Странно: некоторое время мы оба делали вид, будто Штиллер не плачет. Он стоял посреди комнаты, руки в карманах, не в силах сказать ни слова. Я видел его спину. Лица не видел, но знал, что он плачет, и говорил о его "Записках", только бы не оставаться немым наблюдателем. - Во всяком случае,сказал я, - основное ты узнал, Штиллер. Узнал, что, если даже человек пускает себе пулю в лоб, это еще ничего не решает. Как дается такое знание, - необъяснимо. Но ты обрел его. Быть может, твое представление о вере несостоятельно, вздорно. Ты полагаешь, что вера делает человека неуязвимым, мудрым и т. д. А ты по-прежнему не уверен в себе, слаб, уязвим и не веришь в то, что ты уверовал. Разве не так? Ты не можешь представить себе бога и потому воображаешь, что он тебе не явил себя... - Штиллер был рад, что я не молчу. - Насколько я знаю твою жизнь, Штиллер, ты не раз бросал все, потому что чувствовал себя неуверенно. Конечно, ты не носитель истины. Ты человек, не более того; но ты всегда был готов отречься от мнимой истины, в которой разуверился. А разве это не значит, что ты веруешь в истину, в то, что все минется, одна только правда останется, ее не убить, ибо она сама жизнь. - Стоячие часы в холле засипели, как всякий раз перед боем: было три часа ночи. - Твои записки меня удивили,- начал я снова, лишь бы только не молчать. - Ты все время стремишься смиренно "принять себя", но о том, чтобы принять господа - ни полслова. Теперь ты видишь, что так нельзя. Только он один может научить тебя самоприятию... Ты говоришь, что не можешь молиться, и даже пишешь об этом, цепляешься за свою слабость, выдаешь ее за свою натуру, хотя знаешь, что это всего только слабость, и все из упрямства, только потому, что у тебя нет сил. Разве это не так? - Конечно, он не ответил мне. - Ты ждешь внезапного озарения, половинчатость тебя не устраивает. Тебе не нравится, что и веру надо вымаливать, ты боишься, что этот бог всего лишь твоя выдумка. - Я говорил еще долго, но наконец замолчал. Как сказано, я не рассчитывал, что Штиллер будет слушать меня, говорил, только чтобы не быть немым свидетелем его плача. Он же думал о чем-то своем.

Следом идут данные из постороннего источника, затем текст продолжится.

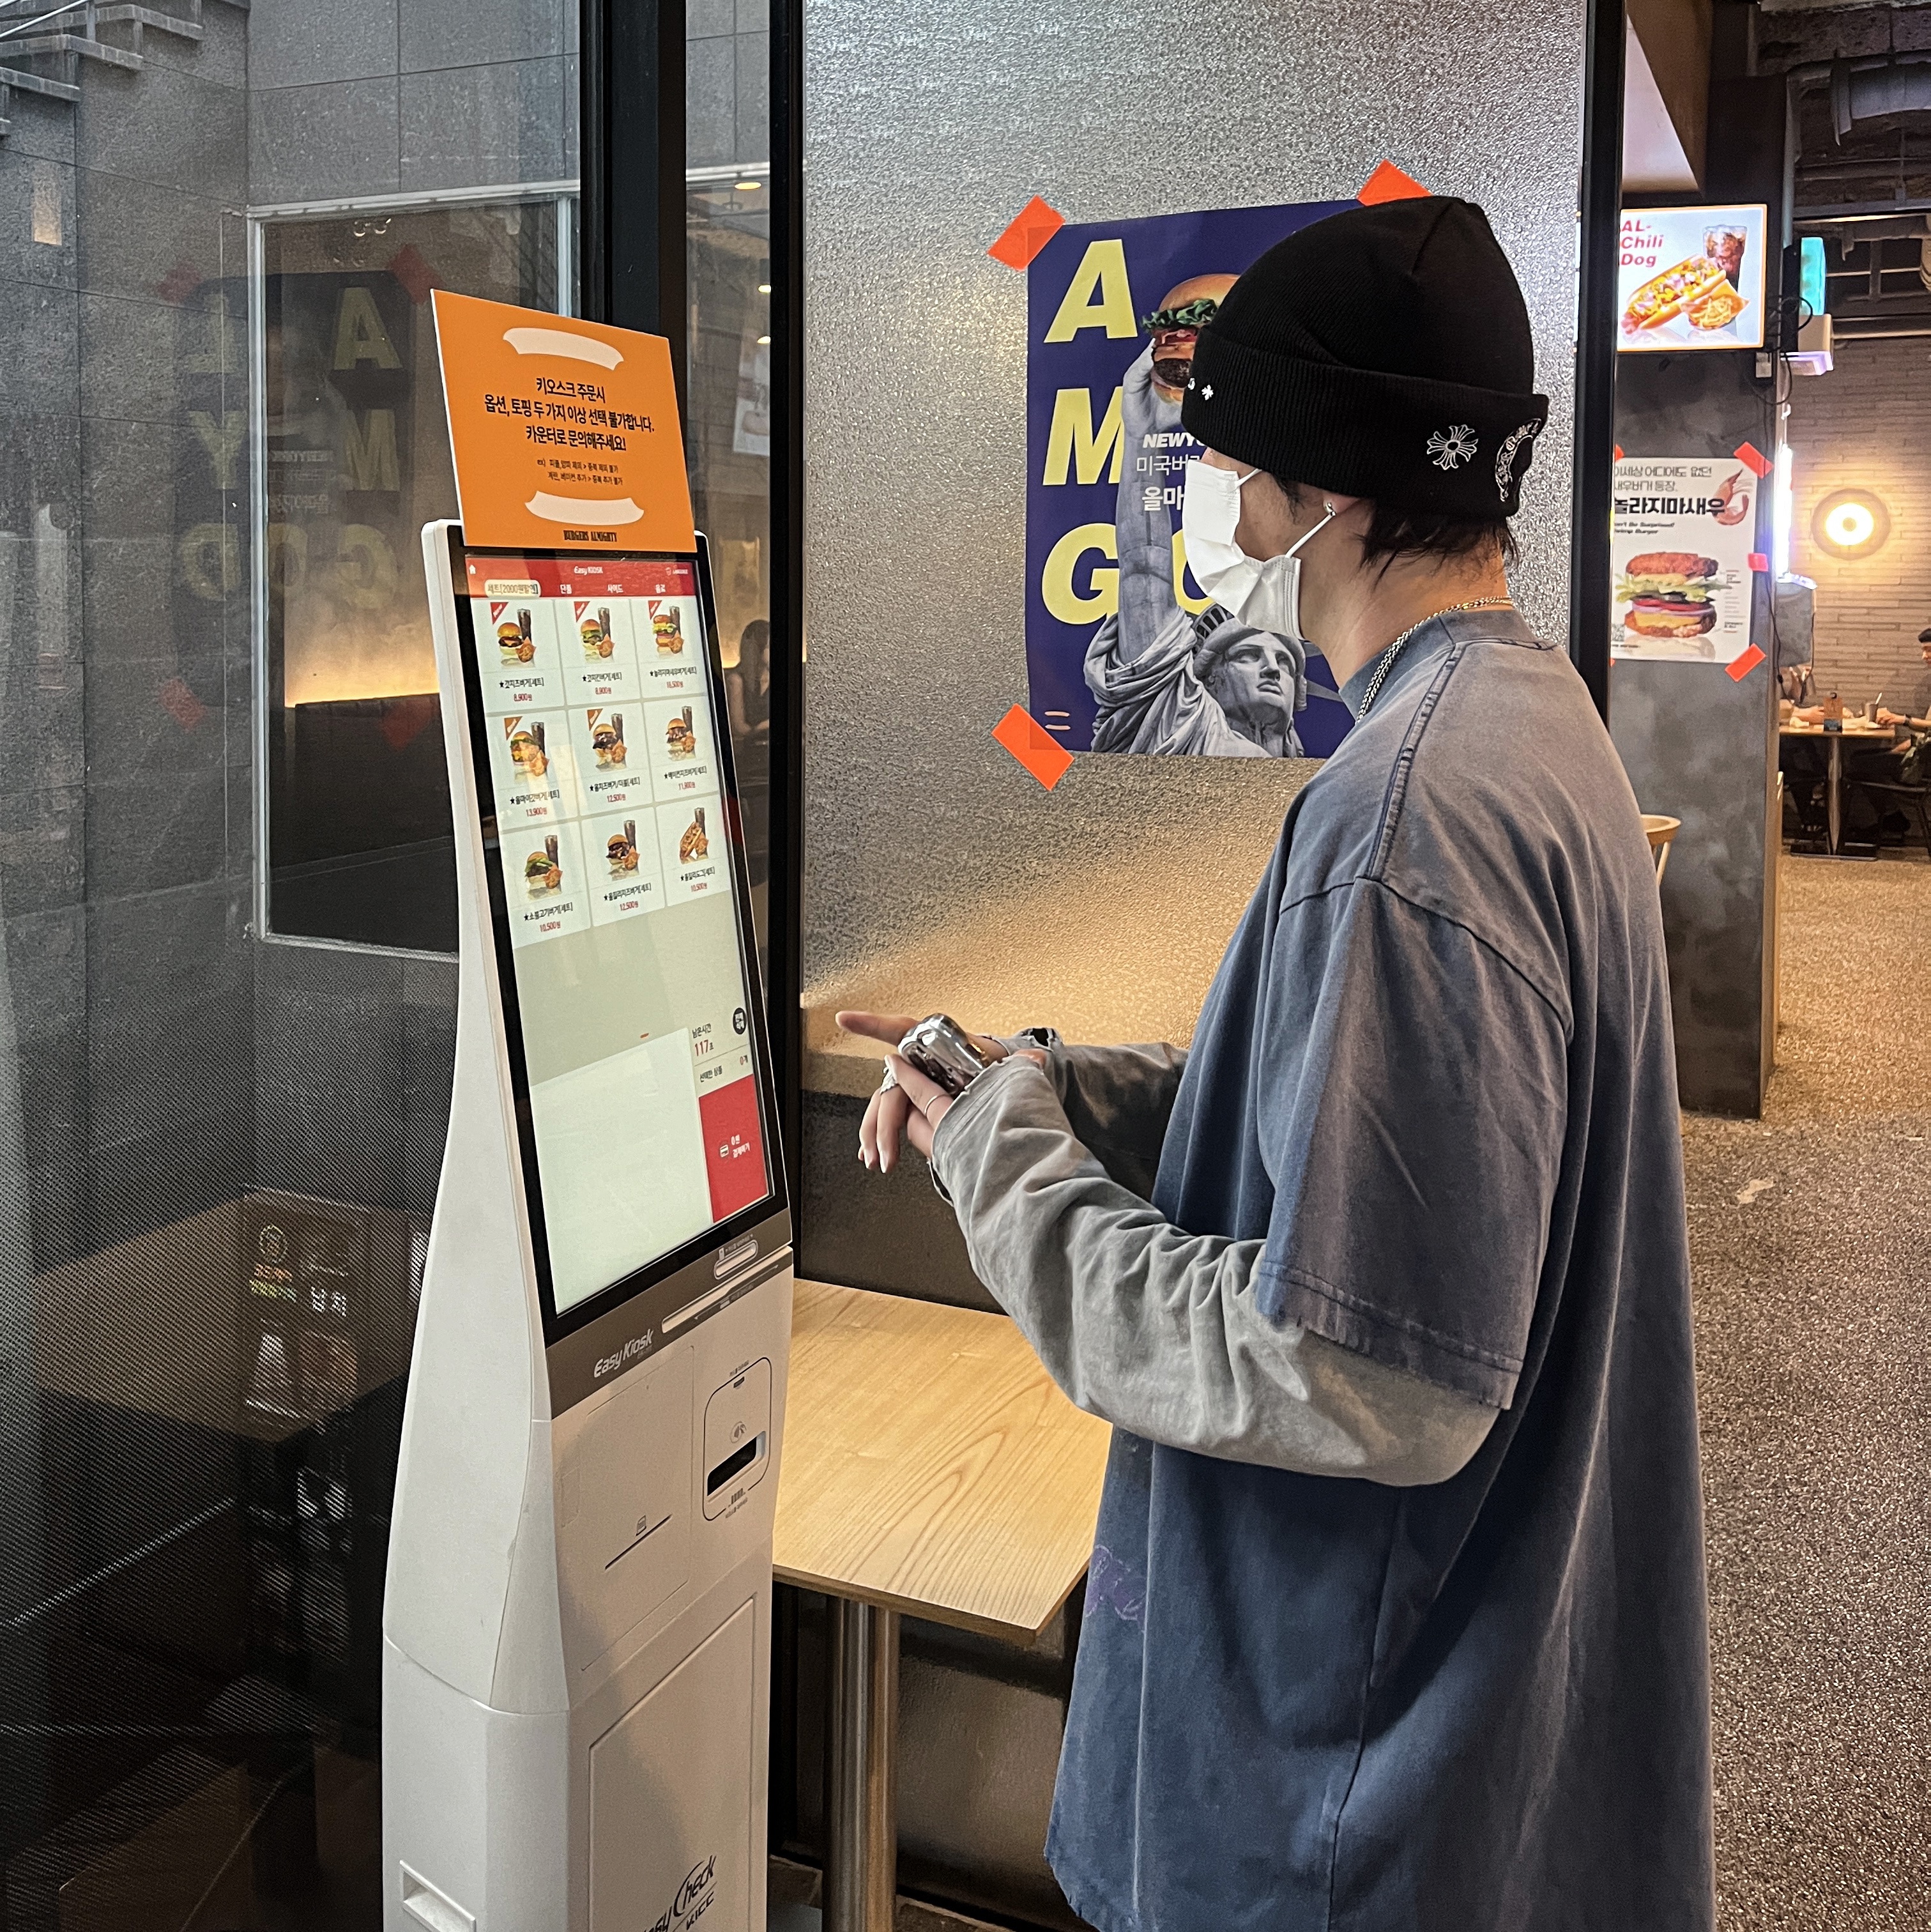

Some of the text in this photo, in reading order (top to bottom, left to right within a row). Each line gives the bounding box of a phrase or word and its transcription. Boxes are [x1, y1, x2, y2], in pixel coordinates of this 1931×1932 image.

[1621, 219, 1652, 232] AL-
[1621, 234, 1664, 250] Chili
[1621, 253, 1658, 268] Dog
[1044, 238, 1138, 343] A
[536, 377, 606, 404] 키오스크 주문시
[484, 394, 655, 433] 옵션, 토핑 두 가지 이상 선택 불가합니다.
[526, 425, 627, 451] 카운터로 문의해주세요!
[1136, 454, 1201, 477] 미국버
[593, 1349, 623, 1378] Easy
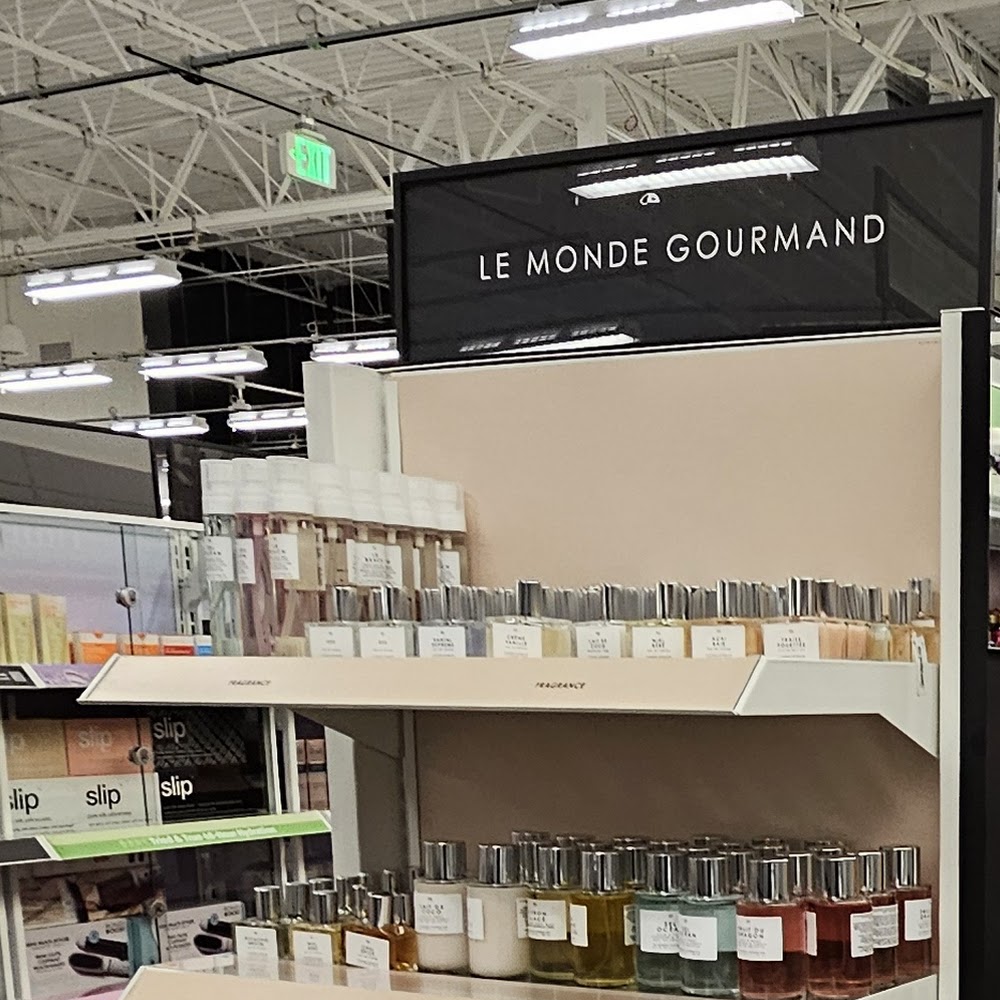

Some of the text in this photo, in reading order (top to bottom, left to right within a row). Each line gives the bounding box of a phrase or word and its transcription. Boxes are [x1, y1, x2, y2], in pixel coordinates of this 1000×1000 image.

[295, 134, 332, 185] EXIT
[479, 213, 885, 281] LE MONDE GOURMAND
[535, 681, 586, 689] FRAGRANCE
[153, 717, 186, 744] slip
[86, 784, 121, 809] slip
[161, 775, 193, 800] slip

- Ее лицо... - сказал он, - уже не ее лицо... Оно никогда не было таким, Рольф! - Больше он ничего не сумел из себя выжать, теперь он плакал, не сдерживаясь, я никогда не видел мужчины, который бы так плакал. Но стоял он, выпрямившись, не вынимая рук из карманов. Я не ушел из комнаты; мое присутствие не имело значения... В те минуты я очень старался вспомнить лицо фрау Юлики, но видел только ее лицо прошлой осени, уже и тогда не бывшее ее лицом; видел, как она рыдает с напряженно-застывшим раскрытым ртом, видел застывшие сжатые, маленькие кулаки, упавшие на колени, - немую дрожь объятой смертельным страхом плоти.... но сейчас я не хотел вспоминать об этом. Я решил, что утром поеду в больницу, хоть на минутку, повидать фрау Юлику. Скажи что-нибудь, - попросил Штиллер, когда, изнуренный плачем, снова заметил меня. - Все, что я мог, я сказал тебе! Юлика не умерла, - повторил я, - и ты ее любишь! - Штиллер поглядел на меня, словно внимал какому-то откровению. Он все еще нетвердо стоял на ногах, в глазах блестели слезы, но голова уже как будто протрезвела. Он сказал мне какие-то признательные слова о моей доброте, о нашей дружбе, о том, что из-за него я целую ночь не спал, и потер свой лоб, точно из воска. - Если у тебя болит голова, я принесу тебе сверху таблетку, - сказал я, но он снова меня не слышал. - Ты прав, - сказал он несколько раз подряд, - завтра в девять я ее увижу... - Наконец мы стояли на пороге комнаты, я тоже валился с ног от усталости. - Помолись вместо меня, чтобы она не умерла, - сказал Штиллер и погасил люстру, дававшую рассеянный слабый свет, но он забыл зажечь сперва свет в холле, и мы внезапно оказались в темноте. - Я люблю ее! - услышал я. В конце концов мне удалось найти выключатель, и мы, попрощавшись, пожали друг другу руки. Штиллеру хотелось еще пройтись по саду. - Мне надо побыть на воздухе! сказал он. - Я просто выпил больше, чем нужно! - Он был очень спокоен.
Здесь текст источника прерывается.